700. It was put to Mr
Hamilton[326]
that accepting a consultancy from NNC created a potential conflict
of interest for him in seeking to represent both the company and
others of his constituents with whom he was not in a financial
relationship. Mr Hamilton replied: "One would have
to have made up one's mind at that point as to whether the conflict
of interest was sufficiently great to require one to break the
relationship".
701. Mr Hamilton
was also challenged on his statement that the consultancy fee
was justified by the extra work involved in representing NNC's
interests. He accepted that if, for example, an individual constituent
came to him with a particularly complicated social security problem
which entailed a great deal of time and paperwork, no question
of charging for his services would arise. He again explained
that it was NNC which had approached him and the company had clearly
thought it appropriate to recompense him "for my pains".

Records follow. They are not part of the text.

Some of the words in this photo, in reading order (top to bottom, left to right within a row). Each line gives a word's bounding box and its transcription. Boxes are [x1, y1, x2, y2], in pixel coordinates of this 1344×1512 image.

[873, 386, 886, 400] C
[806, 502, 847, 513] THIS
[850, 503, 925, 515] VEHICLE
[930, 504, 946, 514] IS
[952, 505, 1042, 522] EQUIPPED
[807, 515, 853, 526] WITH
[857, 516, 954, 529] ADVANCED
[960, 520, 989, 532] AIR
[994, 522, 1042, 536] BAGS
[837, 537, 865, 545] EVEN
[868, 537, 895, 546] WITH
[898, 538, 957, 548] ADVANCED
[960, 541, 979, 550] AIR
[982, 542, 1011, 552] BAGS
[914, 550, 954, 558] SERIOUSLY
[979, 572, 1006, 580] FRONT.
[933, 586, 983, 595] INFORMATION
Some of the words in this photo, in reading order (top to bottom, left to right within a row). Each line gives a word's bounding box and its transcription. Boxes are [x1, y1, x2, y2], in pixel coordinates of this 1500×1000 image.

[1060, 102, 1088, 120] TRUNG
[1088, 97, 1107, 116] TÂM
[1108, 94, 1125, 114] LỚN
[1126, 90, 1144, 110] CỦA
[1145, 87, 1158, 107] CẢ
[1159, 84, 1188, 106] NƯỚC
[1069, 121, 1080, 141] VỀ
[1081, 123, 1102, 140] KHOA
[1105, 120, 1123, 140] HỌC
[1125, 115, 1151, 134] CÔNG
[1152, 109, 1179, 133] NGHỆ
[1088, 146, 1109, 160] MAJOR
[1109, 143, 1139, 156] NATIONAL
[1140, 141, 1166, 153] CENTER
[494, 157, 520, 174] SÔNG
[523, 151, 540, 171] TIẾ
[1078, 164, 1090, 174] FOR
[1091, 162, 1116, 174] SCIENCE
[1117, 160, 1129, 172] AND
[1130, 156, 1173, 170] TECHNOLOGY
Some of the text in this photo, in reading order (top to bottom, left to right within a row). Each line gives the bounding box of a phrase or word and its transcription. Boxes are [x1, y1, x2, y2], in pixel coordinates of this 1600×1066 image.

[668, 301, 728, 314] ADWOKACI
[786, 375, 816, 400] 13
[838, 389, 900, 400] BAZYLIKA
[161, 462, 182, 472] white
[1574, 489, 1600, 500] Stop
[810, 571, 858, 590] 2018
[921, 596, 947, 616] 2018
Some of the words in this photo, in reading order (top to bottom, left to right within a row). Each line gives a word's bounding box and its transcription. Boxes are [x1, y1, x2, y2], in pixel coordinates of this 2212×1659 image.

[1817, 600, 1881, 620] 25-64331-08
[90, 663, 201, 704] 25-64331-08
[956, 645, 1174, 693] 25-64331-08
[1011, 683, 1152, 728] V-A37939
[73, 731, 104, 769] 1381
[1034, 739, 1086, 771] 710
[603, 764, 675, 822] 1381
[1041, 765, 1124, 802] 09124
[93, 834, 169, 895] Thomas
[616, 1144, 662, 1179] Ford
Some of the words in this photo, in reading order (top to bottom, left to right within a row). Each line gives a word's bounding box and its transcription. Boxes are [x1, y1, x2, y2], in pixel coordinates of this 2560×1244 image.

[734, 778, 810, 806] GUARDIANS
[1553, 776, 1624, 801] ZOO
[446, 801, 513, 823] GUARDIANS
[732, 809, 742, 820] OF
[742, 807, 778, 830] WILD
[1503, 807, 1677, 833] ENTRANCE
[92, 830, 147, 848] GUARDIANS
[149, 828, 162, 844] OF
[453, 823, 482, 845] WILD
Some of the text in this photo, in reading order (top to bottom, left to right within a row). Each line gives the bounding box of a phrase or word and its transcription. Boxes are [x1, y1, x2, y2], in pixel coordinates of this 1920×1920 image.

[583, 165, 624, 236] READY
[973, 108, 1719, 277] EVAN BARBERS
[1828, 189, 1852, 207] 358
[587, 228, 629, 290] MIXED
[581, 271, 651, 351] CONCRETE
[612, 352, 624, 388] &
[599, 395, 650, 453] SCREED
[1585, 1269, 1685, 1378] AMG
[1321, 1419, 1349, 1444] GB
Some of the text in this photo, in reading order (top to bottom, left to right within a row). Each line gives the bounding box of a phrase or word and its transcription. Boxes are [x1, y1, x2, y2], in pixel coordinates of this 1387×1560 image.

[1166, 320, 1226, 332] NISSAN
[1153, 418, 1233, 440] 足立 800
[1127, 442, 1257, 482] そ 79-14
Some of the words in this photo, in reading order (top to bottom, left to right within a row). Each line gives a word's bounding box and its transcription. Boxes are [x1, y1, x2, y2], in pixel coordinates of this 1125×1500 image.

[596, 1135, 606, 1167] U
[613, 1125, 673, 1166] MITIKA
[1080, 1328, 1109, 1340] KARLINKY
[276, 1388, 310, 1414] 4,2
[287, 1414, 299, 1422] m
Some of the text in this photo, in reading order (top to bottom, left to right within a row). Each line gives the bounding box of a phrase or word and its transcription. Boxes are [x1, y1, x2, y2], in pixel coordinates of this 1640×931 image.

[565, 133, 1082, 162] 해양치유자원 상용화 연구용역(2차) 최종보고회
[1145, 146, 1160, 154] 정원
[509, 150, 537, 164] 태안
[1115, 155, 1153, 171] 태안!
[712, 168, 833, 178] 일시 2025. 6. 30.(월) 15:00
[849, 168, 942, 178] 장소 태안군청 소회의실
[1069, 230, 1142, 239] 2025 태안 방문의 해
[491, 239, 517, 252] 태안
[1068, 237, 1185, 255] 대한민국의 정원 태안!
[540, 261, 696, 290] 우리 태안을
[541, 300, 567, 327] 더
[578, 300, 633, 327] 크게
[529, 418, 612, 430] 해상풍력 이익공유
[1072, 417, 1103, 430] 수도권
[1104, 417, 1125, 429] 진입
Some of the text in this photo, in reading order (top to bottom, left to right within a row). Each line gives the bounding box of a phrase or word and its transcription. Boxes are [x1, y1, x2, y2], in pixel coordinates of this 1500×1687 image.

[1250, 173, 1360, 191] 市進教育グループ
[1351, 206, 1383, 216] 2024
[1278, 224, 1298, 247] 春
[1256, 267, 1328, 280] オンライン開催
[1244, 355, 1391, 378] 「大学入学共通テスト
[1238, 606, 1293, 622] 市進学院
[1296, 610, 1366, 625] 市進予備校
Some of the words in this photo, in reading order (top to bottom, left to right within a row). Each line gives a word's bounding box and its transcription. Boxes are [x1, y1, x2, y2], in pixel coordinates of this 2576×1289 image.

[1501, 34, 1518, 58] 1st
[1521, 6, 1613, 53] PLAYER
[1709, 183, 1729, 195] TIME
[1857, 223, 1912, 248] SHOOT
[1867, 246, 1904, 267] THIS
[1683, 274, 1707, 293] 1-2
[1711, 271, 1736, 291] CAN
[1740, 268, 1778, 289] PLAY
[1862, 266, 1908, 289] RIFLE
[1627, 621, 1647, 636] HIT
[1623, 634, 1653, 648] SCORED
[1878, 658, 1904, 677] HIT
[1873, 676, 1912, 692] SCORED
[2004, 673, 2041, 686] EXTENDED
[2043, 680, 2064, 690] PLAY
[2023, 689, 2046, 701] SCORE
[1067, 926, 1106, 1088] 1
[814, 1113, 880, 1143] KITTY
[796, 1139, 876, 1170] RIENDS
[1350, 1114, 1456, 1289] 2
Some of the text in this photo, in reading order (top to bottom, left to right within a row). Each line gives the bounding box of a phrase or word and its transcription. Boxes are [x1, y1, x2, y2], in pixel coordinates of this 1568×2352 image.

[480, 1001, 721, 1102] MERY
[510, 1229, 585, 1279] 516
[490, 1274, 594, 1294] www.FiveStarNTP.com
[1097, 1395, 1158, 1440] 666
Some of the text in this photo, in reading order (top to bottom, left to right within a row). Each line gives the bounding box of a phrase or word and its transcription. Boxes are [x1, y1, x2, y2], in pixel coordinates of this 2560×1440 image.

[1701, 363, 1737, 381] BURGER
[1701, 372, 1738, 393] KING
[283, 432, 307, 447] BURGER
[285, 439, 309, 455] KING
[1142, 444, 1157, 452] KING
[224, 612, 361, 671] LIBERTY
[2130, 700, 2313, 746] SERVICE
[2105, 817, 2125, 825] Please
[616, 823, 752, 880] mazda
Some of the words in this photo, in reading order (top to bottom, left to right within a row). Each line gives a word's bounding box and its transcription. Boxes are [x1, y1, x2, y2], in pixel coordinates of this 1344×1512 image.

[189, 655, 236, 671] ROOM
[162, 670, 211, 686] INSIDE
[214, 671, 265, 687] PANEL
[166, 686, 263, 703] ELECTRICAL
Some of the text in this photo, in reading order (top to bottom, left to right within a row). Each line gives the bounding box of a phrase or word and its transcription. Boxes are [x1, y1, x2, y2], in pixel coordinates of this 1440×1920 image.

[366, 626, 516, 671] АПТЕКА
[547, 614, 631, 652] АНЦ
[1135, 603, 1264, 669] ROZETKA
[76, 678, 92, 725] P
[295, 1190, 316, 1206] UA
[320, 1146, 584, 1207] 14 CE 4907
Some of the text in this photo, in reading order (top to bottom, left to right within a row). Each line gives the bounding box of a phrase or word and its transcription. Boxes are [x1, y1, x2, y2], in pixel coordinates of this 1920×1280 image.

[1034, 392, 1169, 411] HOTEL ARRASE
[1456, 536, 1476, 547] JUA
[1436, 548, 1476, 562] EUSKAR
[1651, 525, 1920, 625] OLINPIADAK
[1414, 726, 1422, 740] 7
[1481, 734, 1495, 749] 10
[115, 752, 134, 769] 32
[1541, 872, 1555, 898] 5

He did not think it was "necessarily improper" to devote
part of his time to such employment.[327]
702. Mr Hamilton
acknowledged, in reply to a question from Counsel to the inquiry,
that it was likely that he would not have informed NNC at the
time he was offered a consultancy that he had received, or was
expecting to receive, a commission payment from Mr Greer which
was directly related to NNC. Explaining this, Mr Hamilton
said that he "would not have connected the two".[328]
Mobil Oil
703. The allegation against
Mr Hamilton relating to Mobil Oil was set out in the book
Sleaze. It is that Mr Hamilton, either during or
shortly after a one year consultancy with Mobil (worth, according
to The Guardian, £10,000), tabled Parliamentary Questions
in return for payment.
704. Mr Hamilton
stated that he had been appointed in 1989 as a consultant on taxation
matters to Mobil Oil and that this interest had been registered
(a fact confirmed by the Register for 1990).[329]
Mr Hamilton added: "I asked no Parliamentary Questions
on behalf of the company; nor was I ever asked to do so".
705. The analysis of Mr
Hamilton's Parliamentary activity between late 1989 and 1991
does not indicate that he tabled any questions, or tabled or signed
any Early Day Motions, or made any interventions in the House
that could be construed as directly relevant to the interests
of Mobil Oil.
706. The Guardian
questioned the reason given by Mr Hamilton for his employment
by Mobil, arguing that Mr Hamilton was not at that stage
an active tax lawyer. The book Sleaze also, however, quotes
Mobil as saying that one of their subsidiary companies was involved
in a dispute with the Inland Revenue over US/United Kingdom taxation,
a subject on which they regarded Mr Hamilton as an expert.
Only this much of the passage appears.